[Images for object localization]
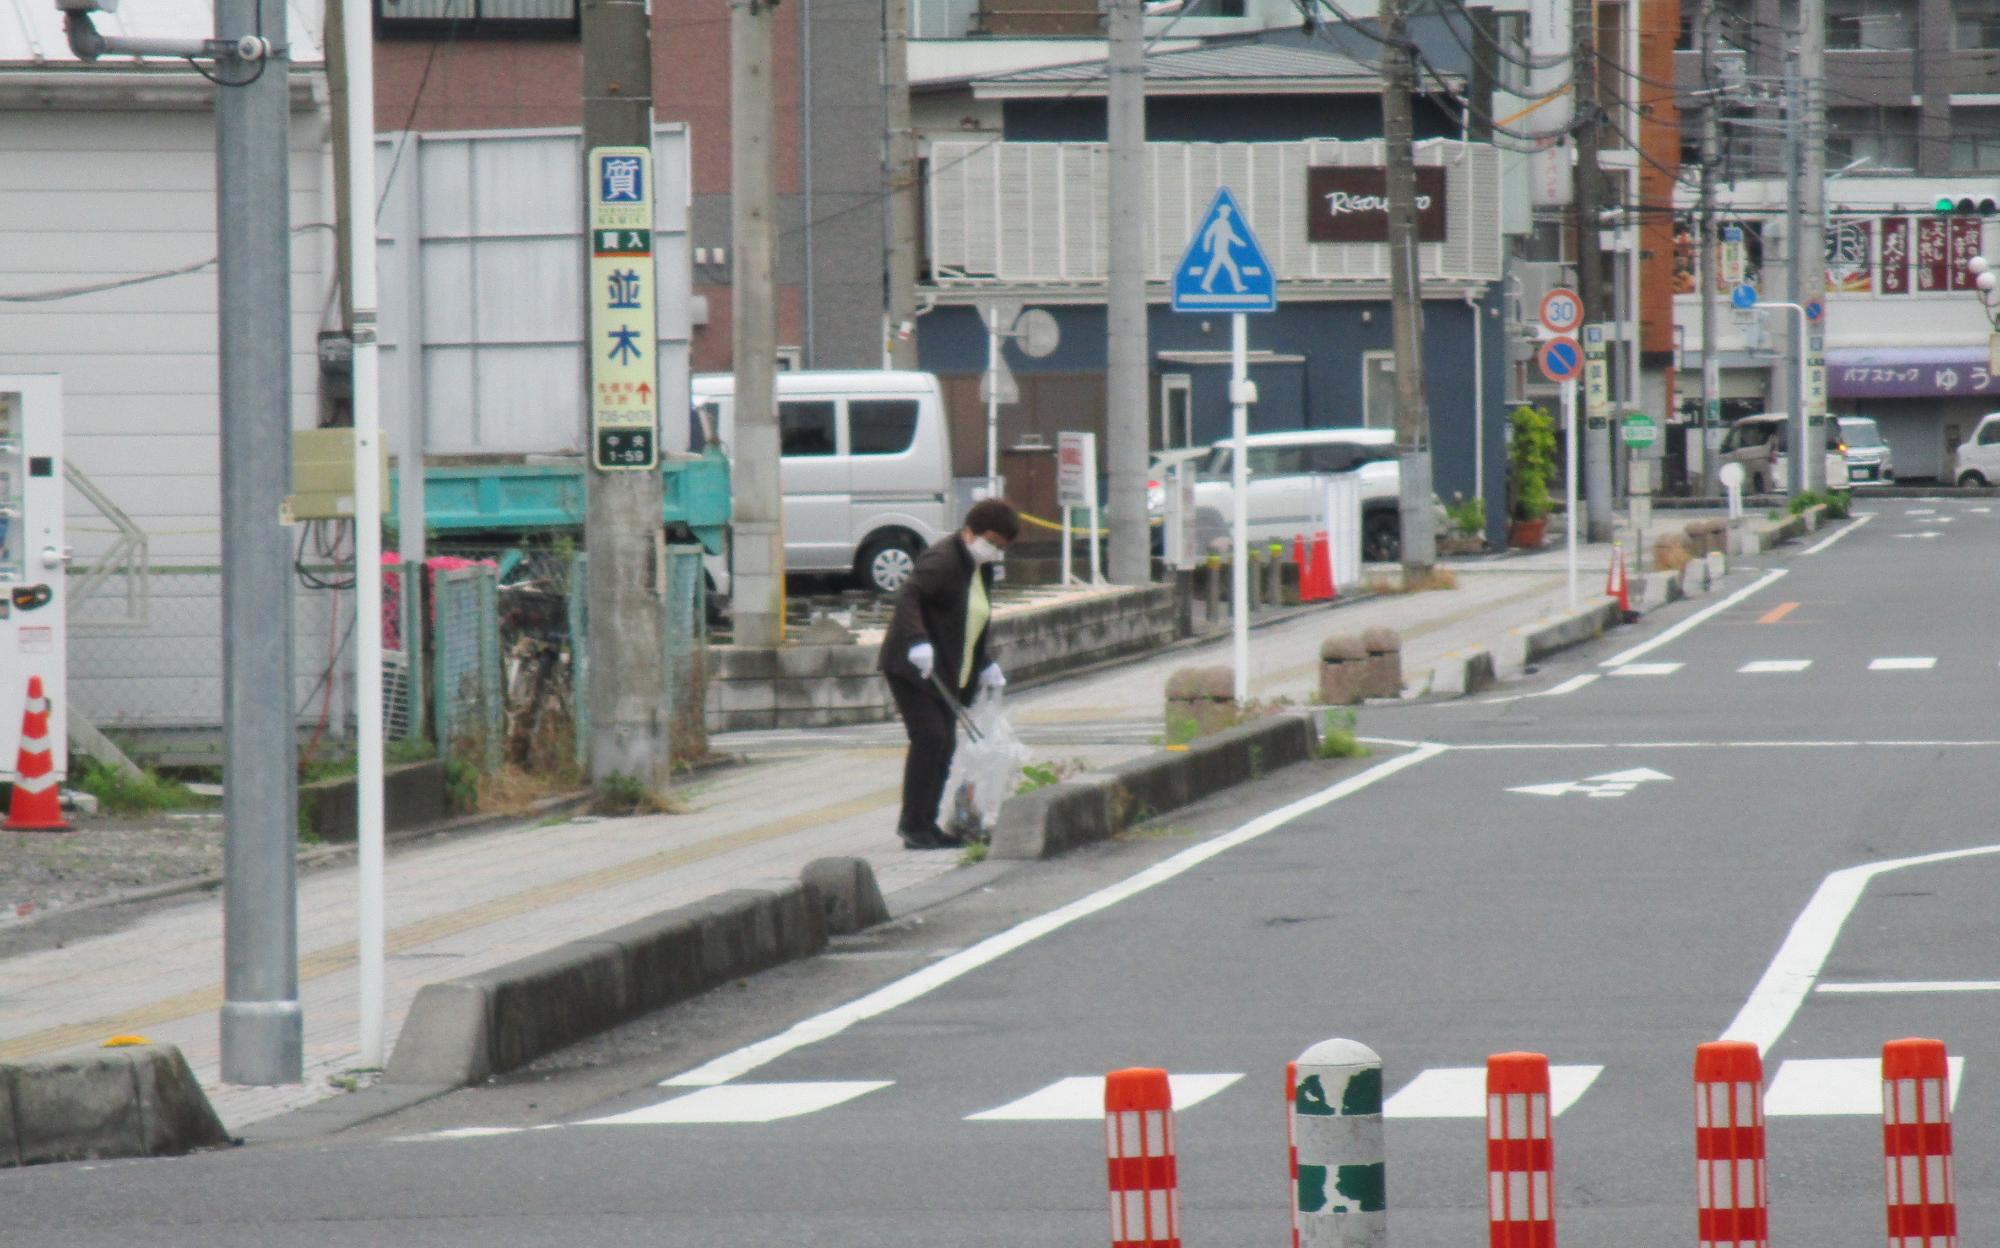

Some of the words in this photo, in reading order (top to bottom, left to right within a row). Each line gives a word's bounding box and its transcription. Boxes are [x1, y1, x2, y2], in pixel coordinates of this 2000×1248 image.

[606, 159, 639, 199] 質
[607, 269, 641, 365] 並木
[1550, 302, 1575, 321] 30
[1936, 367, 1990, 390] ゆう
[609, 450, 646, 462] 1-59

# Your assignment
Exactly as they appear above, give the records again, without their pictures.

# Answer for this exercise
Some of the words in this photo, in reading order (top to bottom, left to right within a row). Each line gives a word's bounding box and its transcription. Boxes are [x1, y1, x2, y2], in pixel coordinates of this 2000×1248 image.

[606, 159, 639, 199] 質
[607, 269, 641, 365] 並木
[1550, 302, 1575, 321] 30
[1936, 367, 1990, 390] ゆう
[609, 450, 646, 462] 1-59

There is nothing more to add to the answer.